Thursday, February 23, 2017

Media ignore effects AND causes of construction fatalities

Bill Knight column for Mon., Tues. or Wed., Feb. 20, 21 or 22

After a recent, rare getaway to New York City, where cranes and other signs of a construction boom were common throughout Manhattan, I read a report that revealed the price paid for building – and bossing.

The four-day trip included visits to the New York Times and the New York Public Library, a Broadway revival of “The Front Page” and lunch at the Algonquin Hotel – where the “Algonquin Round Table” decades ago hosted writers such as Charles MacArthur (who co-wrote “The Front Page”), Dorothy Parker, Robert Benchley, Alexander Woollcott, Harold Ross and Heywood Broun, the columnist who launched The Newspaper Guild labor union.

It was a sort of “literary/journalism” pilgrimage, except for attending “The Late Show with Stephen Colbert” and a stroll past Trump Tower, where protestors’ good humor helped shield the bad news from inside.

We avoided Wall Street like one would detour around polluted water, or some evil place possessed by manic, malicious fools.

Then a Times story about fatal accidents at New York’s construction sites brought home the disparity between the risks and rewards on Wall Street and where workers labor.

In the last two years, 47 construction workers suffered fatal injuries in New York City, according to its Department of Buildings, and though the number of building permits grew over that period, deadly accidents outpaced project growth. From 2013 through 2015 (the last year for which complete figures are available), permits went from 88,290 to 104,087 – a 17.9-percent increase. Fatal construction accidents then went from 17 to 25 – a 47-percent jump.

It’s not just New York. The U.S. Bureau of Labor Statistics’ most recent data on fatal work injuries in the United States in 2014 (issued last April) was 4,821, the highest annual total since 2008.

Deaths rose, but so did the Dow Jones Industrial Average, from 16,458.56 on Jan. 20, 2014, to 19,732.40 on Jan. 20, 2017 – a 19.9 percent increase.

“Some of the same factors that make Wall Streeters fabulously rich are making construction work tragically unsafe,” said Sam Pizzigati, author of the book “The Rich Don’t Always Win.”

Pizzigati fills in blanks in the news story. Fatal consequences are an effect of causes, mainly declining union representation and deregulation of government protections.

The total number of union members in both private and public sectors fell in 2016, the U.S. Labor Department says, and organized labor’s rate of representation – the percent of wage and salary workers who belonged to unions – was 10.7 percent last year, down 0.4 percentage point from 2015.

The number of wage and salary workers belonging to unions, at 14.6 million in 2016, declined by 240,000 from 2015. In 1983, the first year for which comparable union data are available, the union membership rate was 20.1 percent, and there were 17.7 million union workers.

That fall is despite almost three out of five respondents in a Peter Hart Research Associates survey saying they’d join a union if they could, and despite BLS statistics showing union workers earning 25 percent more pay than non-union counterparts.

Why? Workers trying to unionize face a hostile legal environment and typically must cope with threats by anti-union bosses. Even if such intimidation violates federal law, there are few consequences to labor lawbreakers.

In the private sector, industries with the highest unionization rates are utilities (21.5 percent), transportation and warehousing (18.4 percent), telecommunications (14.6 percent), and construction (13.9 percent), BLS reports. Geographically, California has the most (2.6 million), followed by New York (1.9 million) and Illinois (800,000).

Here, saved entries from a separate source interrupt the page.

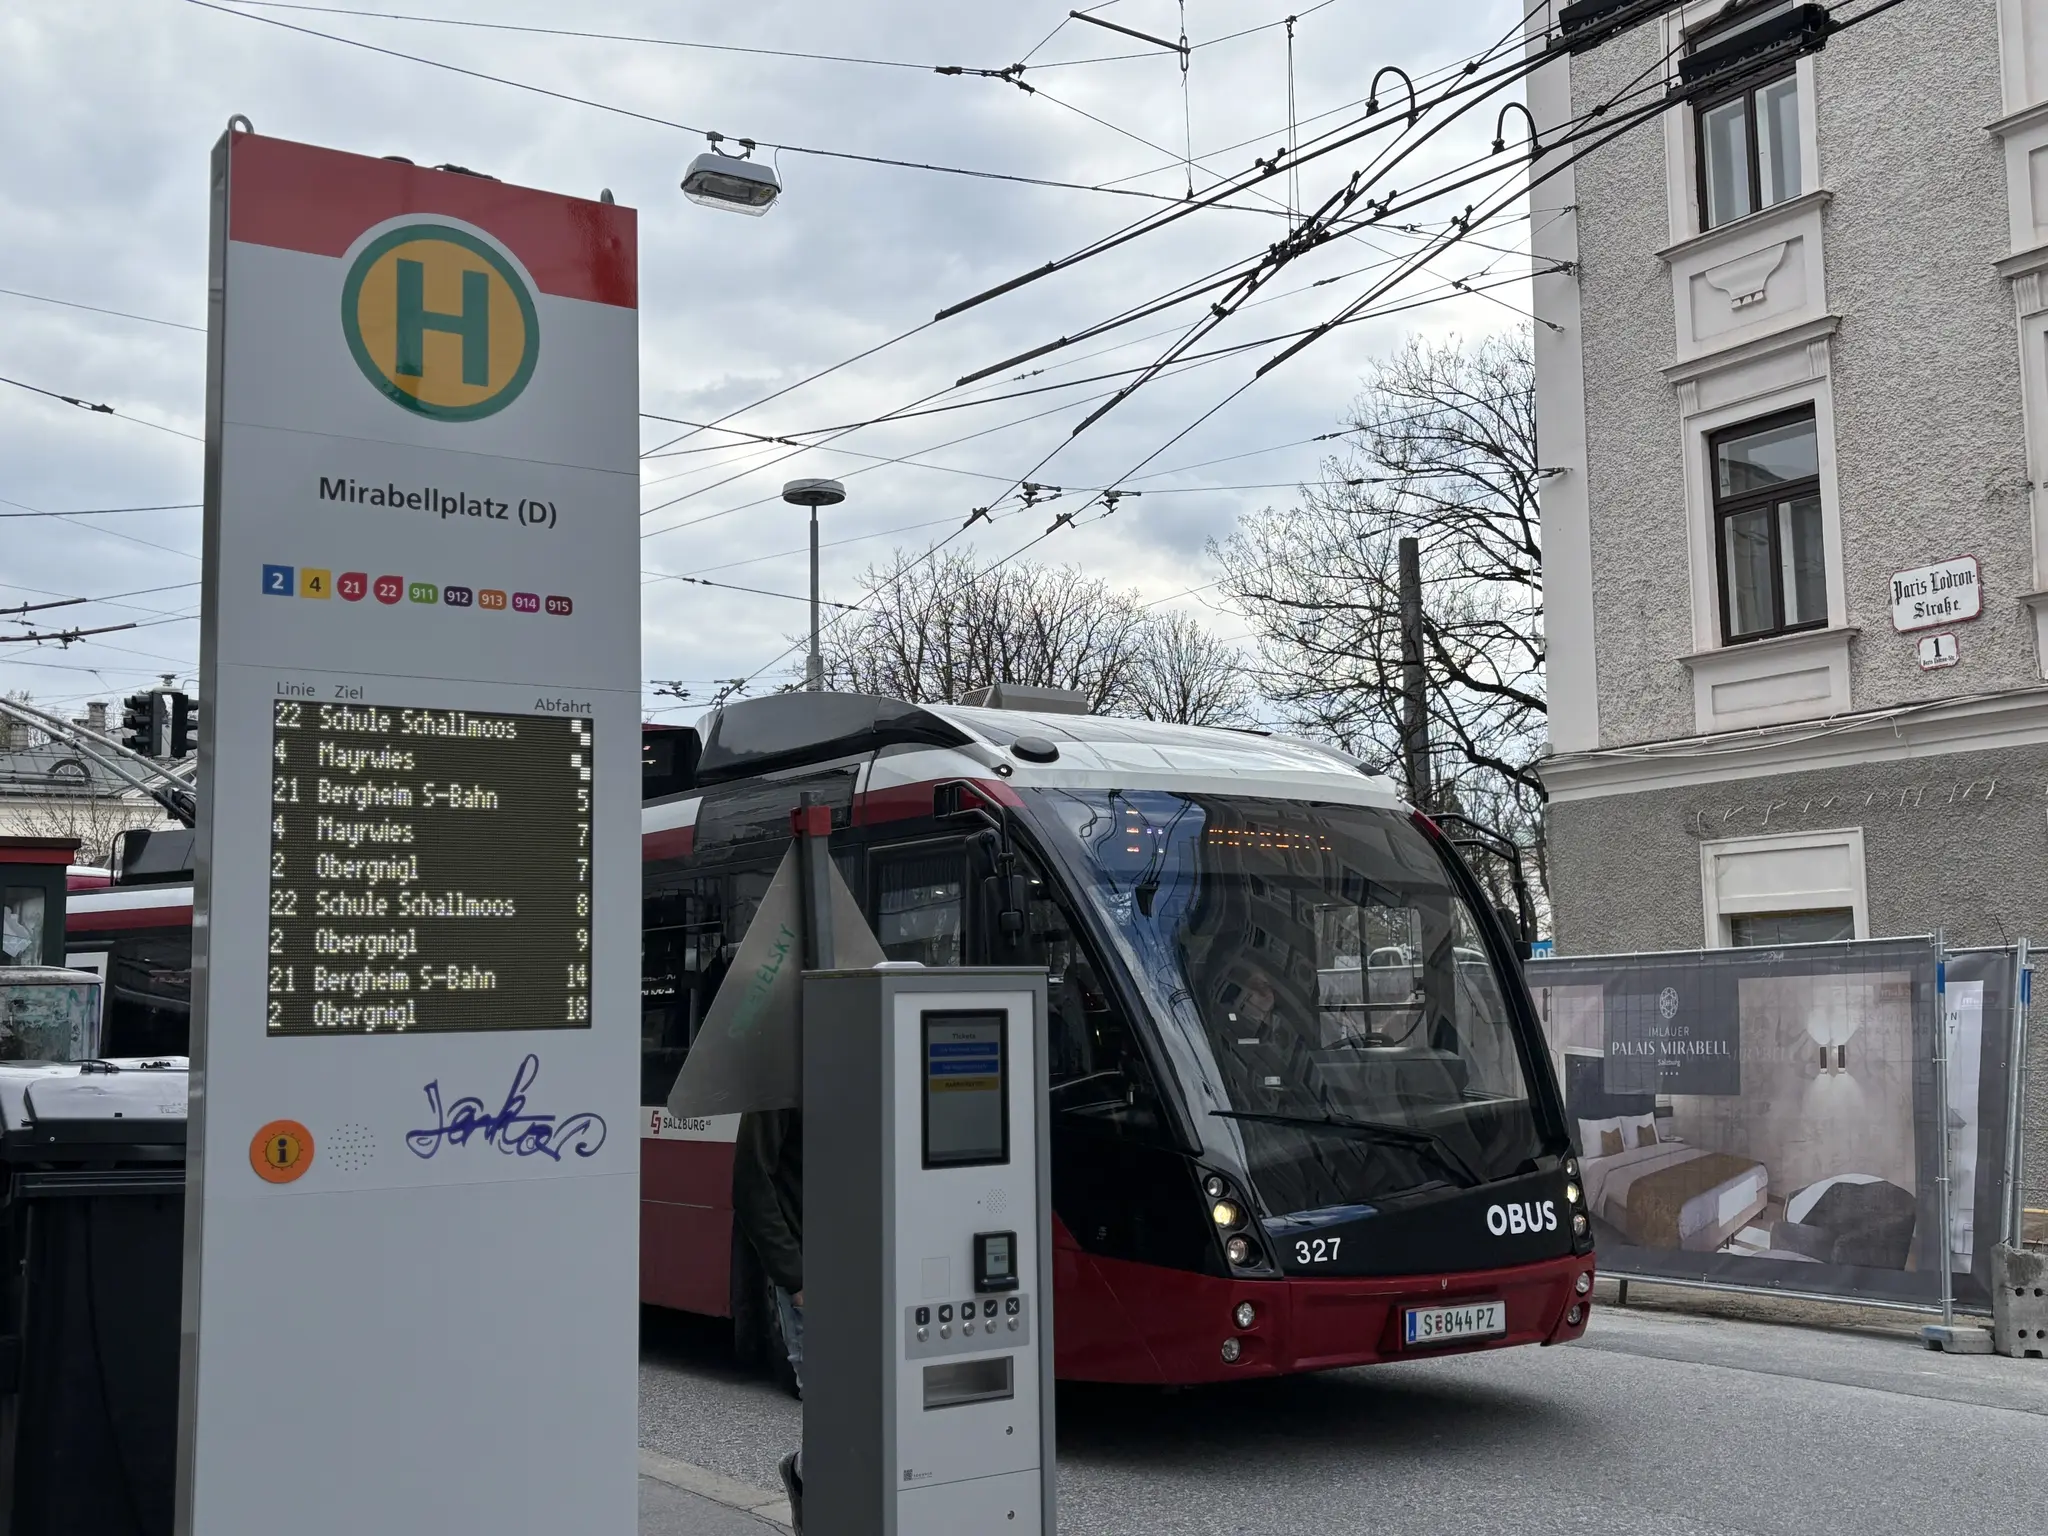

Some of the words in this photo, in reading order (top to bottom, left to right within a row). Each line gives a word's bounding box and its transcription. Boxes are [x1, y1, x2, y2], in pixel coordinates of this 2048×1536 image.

[396, 258, 489, 387] H
[319, 477, 509, 519] Mirabellplatz
[518, 499, 557, 529] (D)
[271, 572, 284, 590] 2
[309, 576, 322, 593] 4
[343, 580, 361, 594] 21
[379, 583, 397, 597] 22
[412, 587, 434, 600] 911
[447, 591, 469, 604] 912
[481, 594, 503, 607] 913
[515, 597, 537, 609] 914
[548, 600, 569, 612] 915
[1893, 578, 1927, 606] Paris
[1933, 637, 1942, 658] 1
[276, 681, 316, 697] Linie
[334, 684, 364, 700] Ziel
[534, 698, 593, 714] Abfahrt
[275, 702, 301, 728] 22
[320, 704, 391, 733] Schule
[401, 709, 518, 739] Schallmoos
[274, 739, 287, 765] 4
[318, 741, 416, 775] Mayrwies
[274, 777, 300, 802] 21
[318, 778, 413, 812] Bergheim
[422, 782, 498, 810] S-Bahn
[577, 789, 589, 812] 5
[273, 814, 286, 840] 4
[317, 815, 415, 848] Mayrwies
[577, 823, 589, 847] 7
[272, 852, 285, 877] 2
[317, 853, 419, 886] Obergnigl
[577, 858, 589, 881] 7
[271, 890, 297, 916] 22
[316, 890, 388, 916] Schule
[399, 891, 517, 917] Schallmoos
[576, 893, 589, 917] 8
[270, 928, 283, 954] 2
[315, 928, 418, 960] Obergnigl
[576, 928, 588, 952] 9
[269, 966, 295, 992] 21
[314, 965, 410, 998] Bergheim
[420, 964, 496, 990] S-Bahn
[566, 963, 588, 988] 14
[268, 1001, 282, 1027] 2
[313, 999, 417, 1032] Obergnigl
[566, 996, 588, 1020] 18
[1612, 1041, 1656, 1056] PALAIS
[1660, 1040, 1730, 1055] MIRABELL
[1648, 1026, 1690, 1037] IMLAUER
[663, 1117, 705, 1131] SALZBURG
[1486, 1200, 1558, 1236] OBUS
[1295, 1237, 1342, 1264] 327
[1476, 1307, 1495, 1330] PZ

However, “fewer construction workers today carry union cards, and this declining union presence has severe consequences for safety,” Pizzigati said. “Construction unions have traditionally run well-regarded safety training programs, and they give individual workers the clout they need to challenge hazardous working conditions. Without unions, workers in construction regularly find themselves both inadequately trained and forced to labor in situations that could – and do – kill them.”

Besides an increasingly anti-union climate, government’s once-moderating influence has been debilitated. Regulations in general and the Occupational Safety and Health Administration in particular have been weakened and look to lose even more under Republican control of all three branches of the federal government.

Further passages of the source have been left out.